La problématique entourant le métier de guide en plein air chatouille, à un point tel qu’un Créneau d’excellence en tourisme d’aventure et écotourisme a été créé au Saguenay–Lac-St-Jean – une région où on offre deux formations liées au métier, soit le baccalauréat en intervention plein air (à Chicoutimi) ainsi que la technique du milieu naturel (à Saint-Félicien).
Sorte d’image de marque (chaque région du Québec possède son créneau ou son pôle d’excellence, selon leur expertise) qui promeut un rayonnement sur les plans national et international, le créneau d’excellence en tourisme d’aventure a comme objectif de faire connaître l’industrie mais aussi de former et de valoriser la profession de guide tout en assurant une relève.
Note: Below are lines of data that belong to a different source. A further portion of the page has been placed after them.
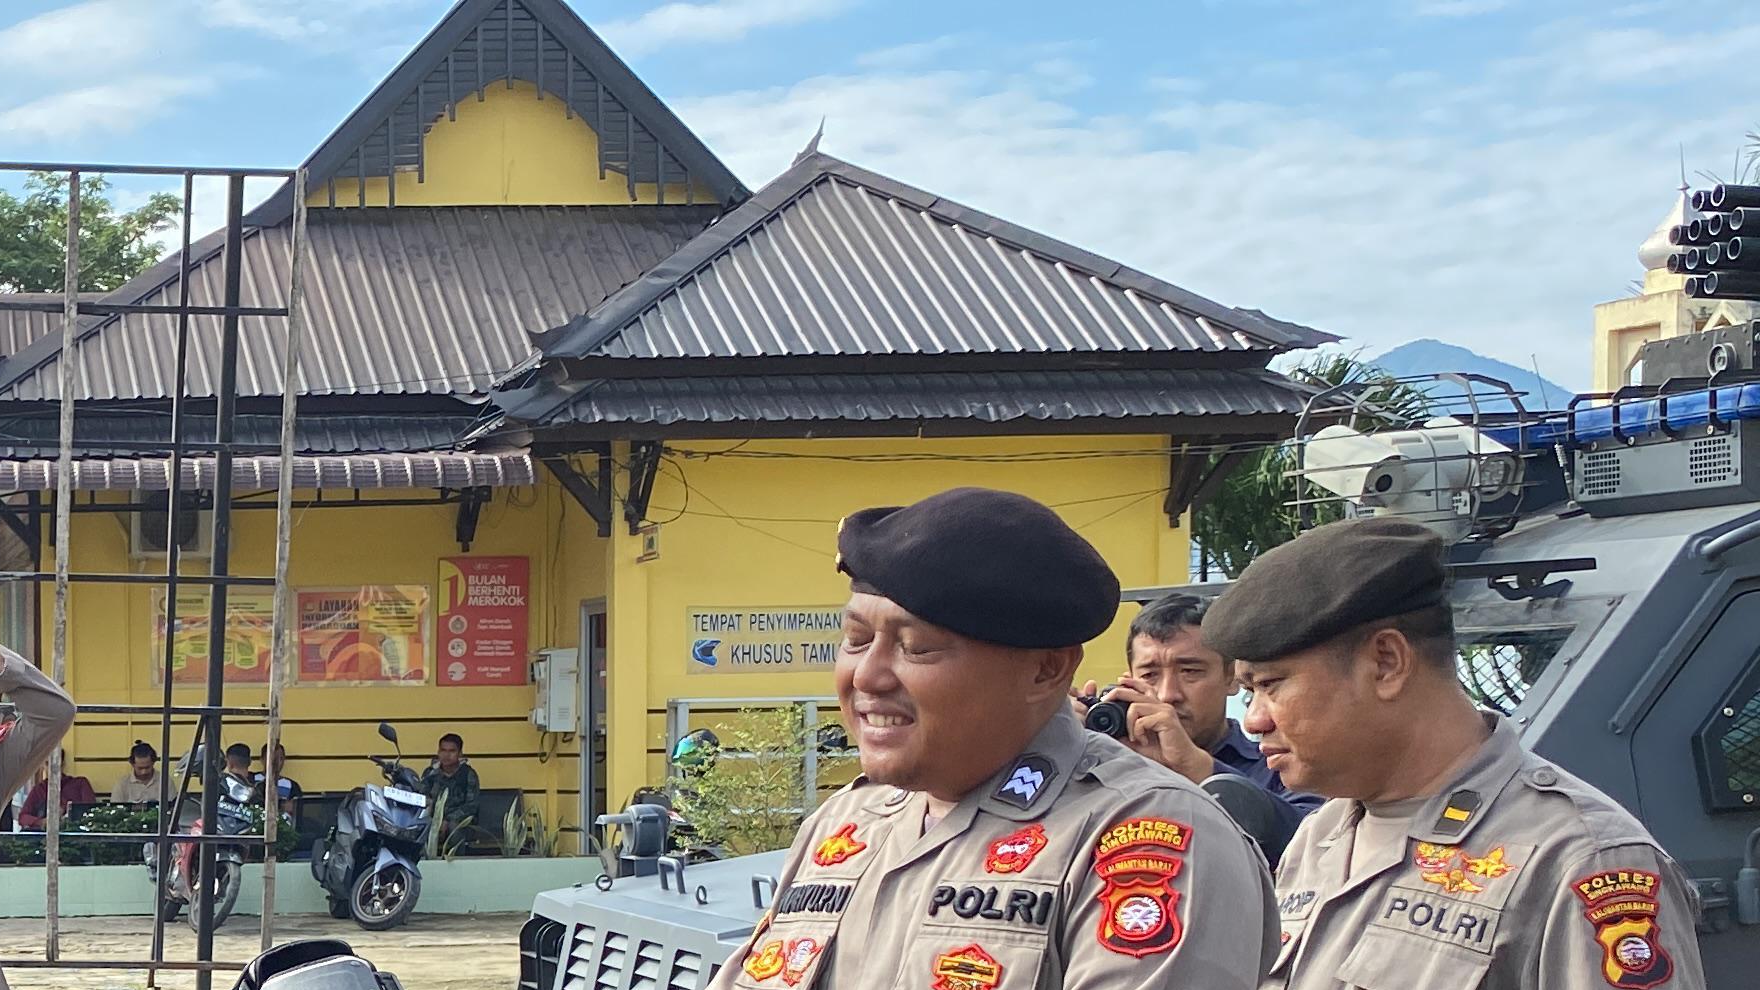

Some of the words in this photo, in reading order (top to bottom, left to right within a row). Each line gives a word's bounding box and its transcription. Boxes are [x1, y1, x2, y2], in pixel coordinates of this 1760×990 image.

[468, 575, 506, 585] BULAN
[468, 586, 520, 596] BERHENTI
[468, 596, 525, 606] MEROKOK
[693, 614, 742, 632] TEMPAT
[749, 612, 841, 632] PENYIMPANAN
[730, 643, 793, 664] KHUSUS
[1102, 821, 1178, 844] POLRES
[1579, 872, 1654, 894] POLRES
[928, 885, 1053, 926] POLRI
[1383, 897, 1489, 943] POLRI
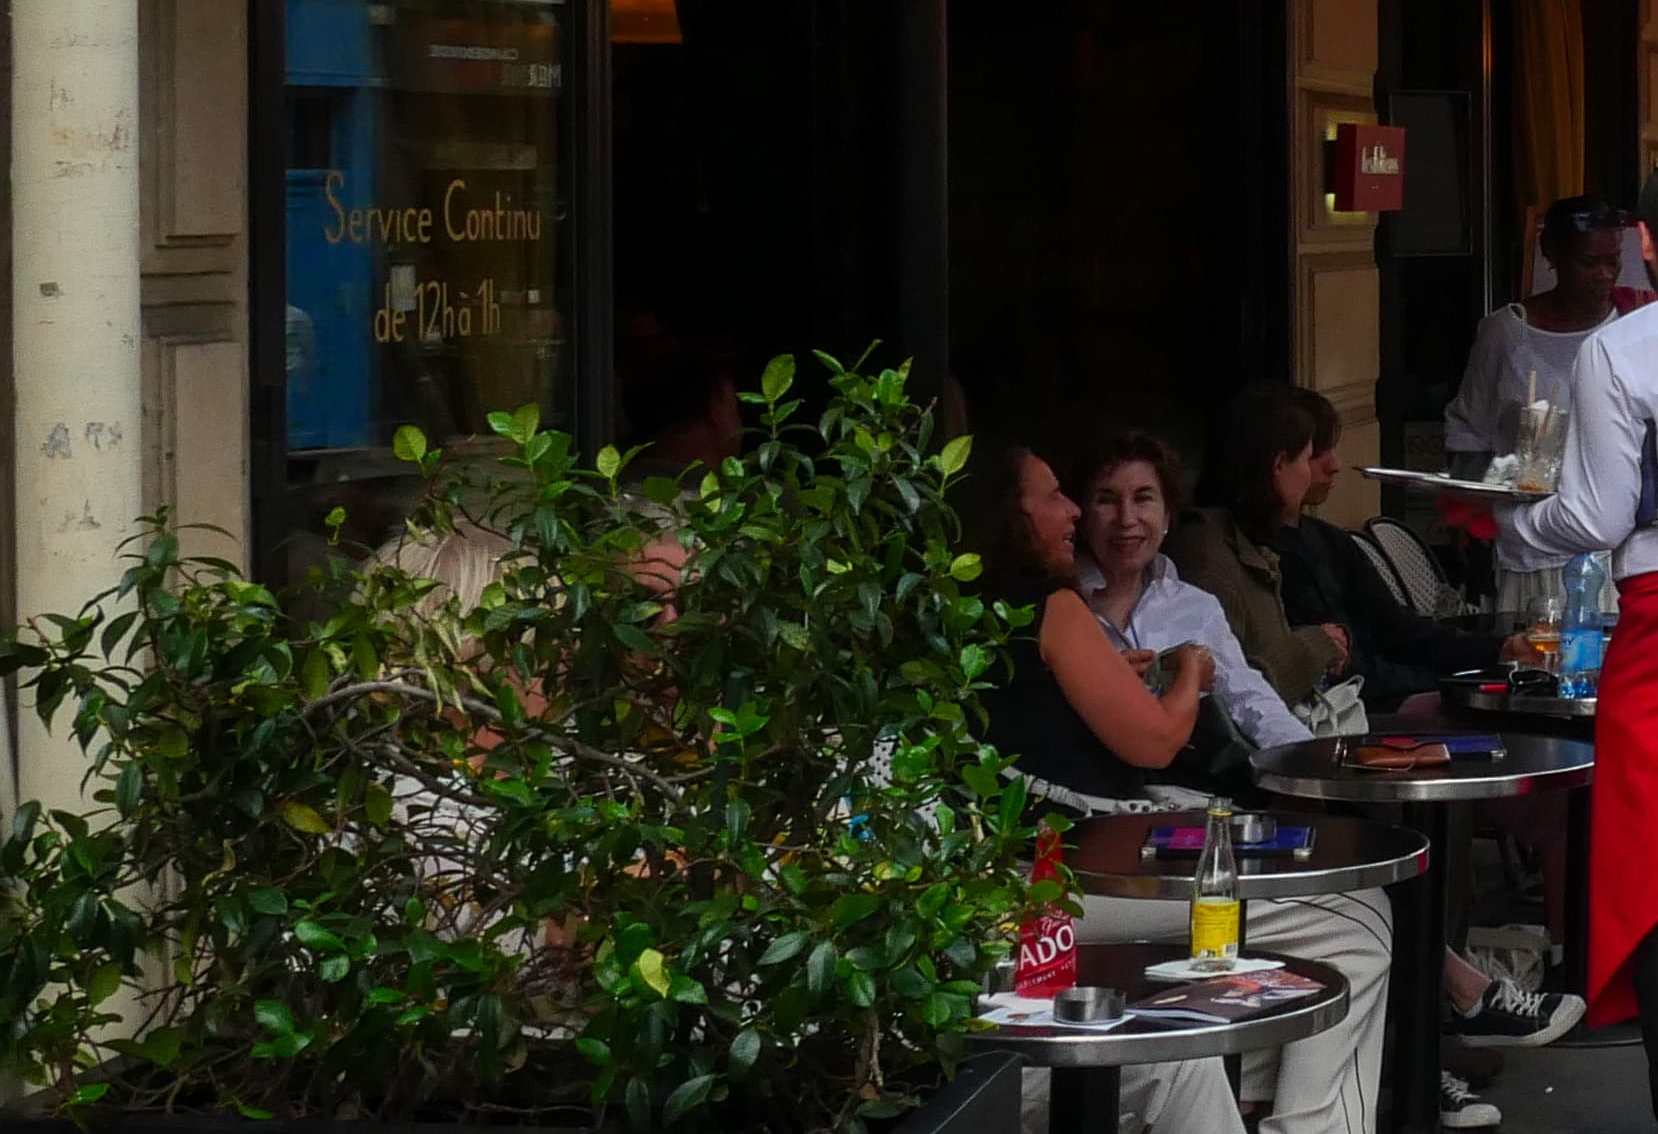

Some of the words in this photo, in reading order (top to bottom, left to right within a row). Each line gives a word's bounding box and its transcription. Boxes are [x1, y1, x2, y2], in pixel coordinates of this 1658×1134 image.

[325, 171, 432, 243] Service
[445, 179, 541, 242] Continu
[374, 282, 407, 343] de
« Rares sont les métiers qui offrent une connexion avec la nature et l’humain; celui de guide en est un qu’on fait par passion, dit Gilles Simard, directeur du créneau d’excellence. L’aspect salarial est à hausser, mais les entreprises travaillent énormément dans leur culture organisationnelle pour remédier à la problématique financière ». Il souligne que la nouvelle génération à la recherche de débouchés en plein air sait qu’elle choisit un emploi davantage centré sur ses valeurs et passions que sur le salaire.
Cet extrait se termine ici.